** RECORDS PROVIDED follows **
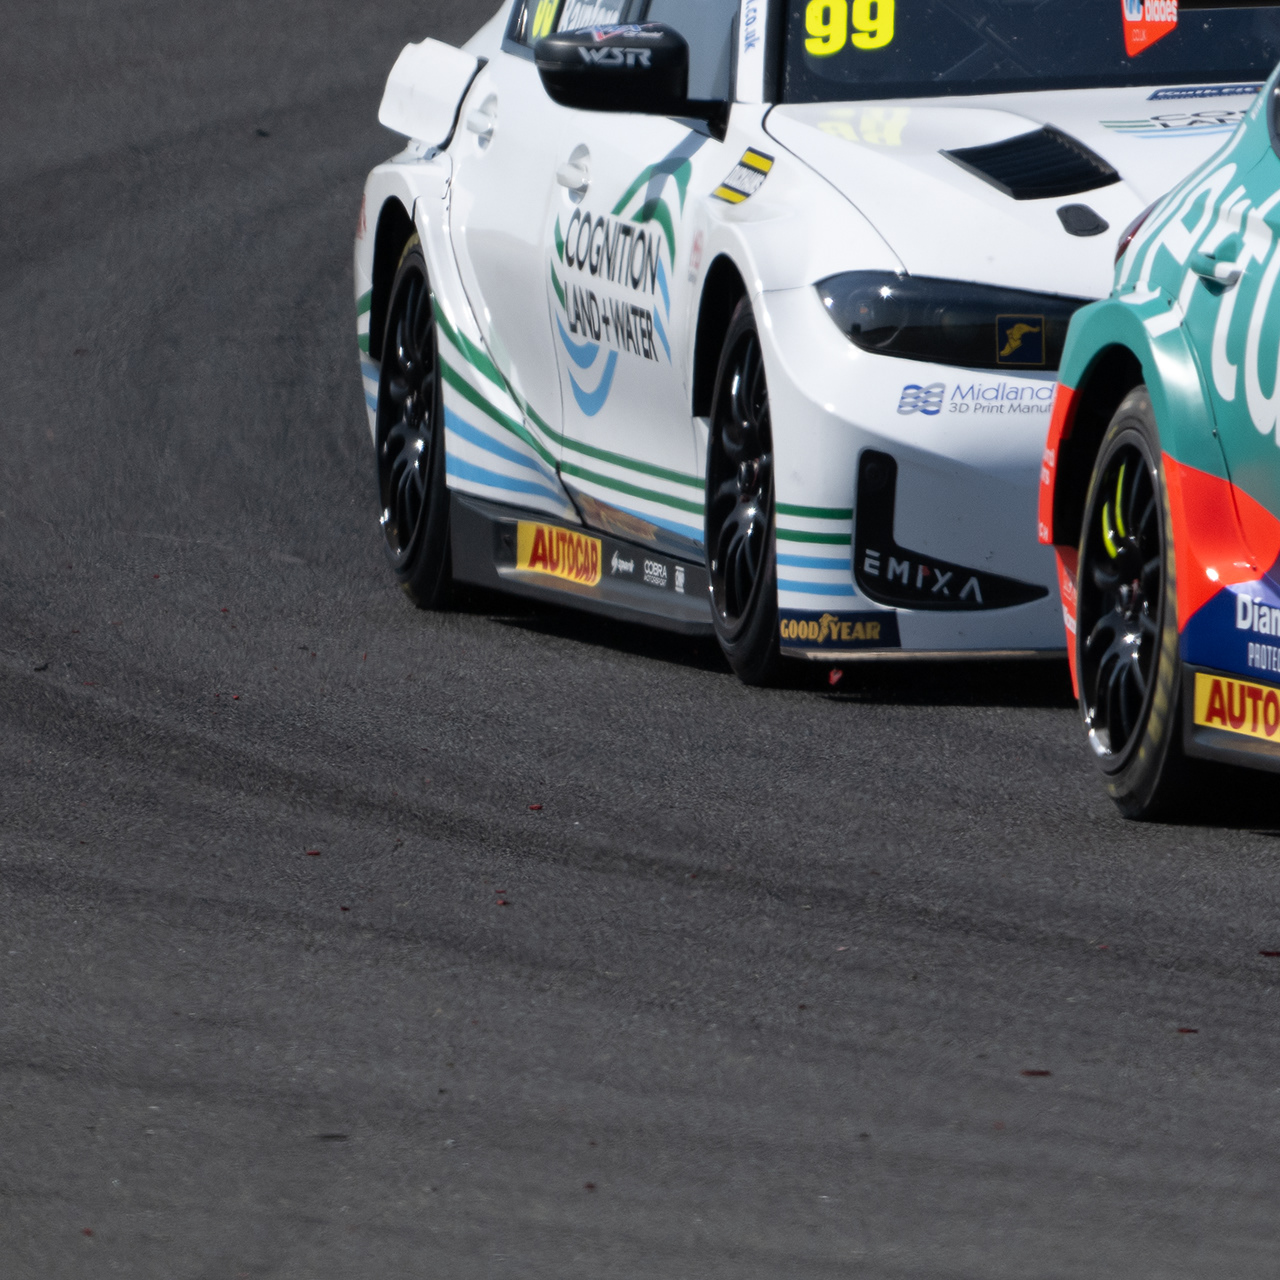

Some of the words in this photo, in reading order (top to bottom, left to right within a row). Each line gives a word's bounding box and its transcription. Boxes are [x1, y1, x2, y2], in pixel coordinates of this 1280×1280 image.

[578, 46, 652, 67] WSR
[565, 206, 661, 297] COGNITION
[564, 279, 601, 343] LAND
[608, 294, 660, 363] WATER
[948, 402, 967, 414] 3D
[973, 402, 1005, 415] Print
[529, 526, 599, 583] AUTOCAR
[643, 559, 668, 579] COBRA
[780, 613, 881, 643] GOODYEAR
** End of RECORDS PROVIDED **
*TASK DIRECTIONS:*
Every record is to be repeated exactly, and no picture is carried over.

*ANSWER TO THIS TASK:*
Some of the words in this photo, in reading order (top to bottom, left to right within a row). Each line gives a word's bounding box and its transcription. Boxes are [x1, y1, x2, y2], in pixel coordinates of this 1280×1280 image.

[578, 46, 652, 67] WSR
[565, 206, 661, 297] COGNITION
[564, 279, 601, 343] LAND
[608, 294, 660, 363] WATER
[948, 402, 967, 414] 3D
[973, 402, 1005, 415] Print
[529, 526, 599, 583] AUTOCAR
[643, 559, 668, 579] COBRA
[780, 613, 881, 643] GOODYEAR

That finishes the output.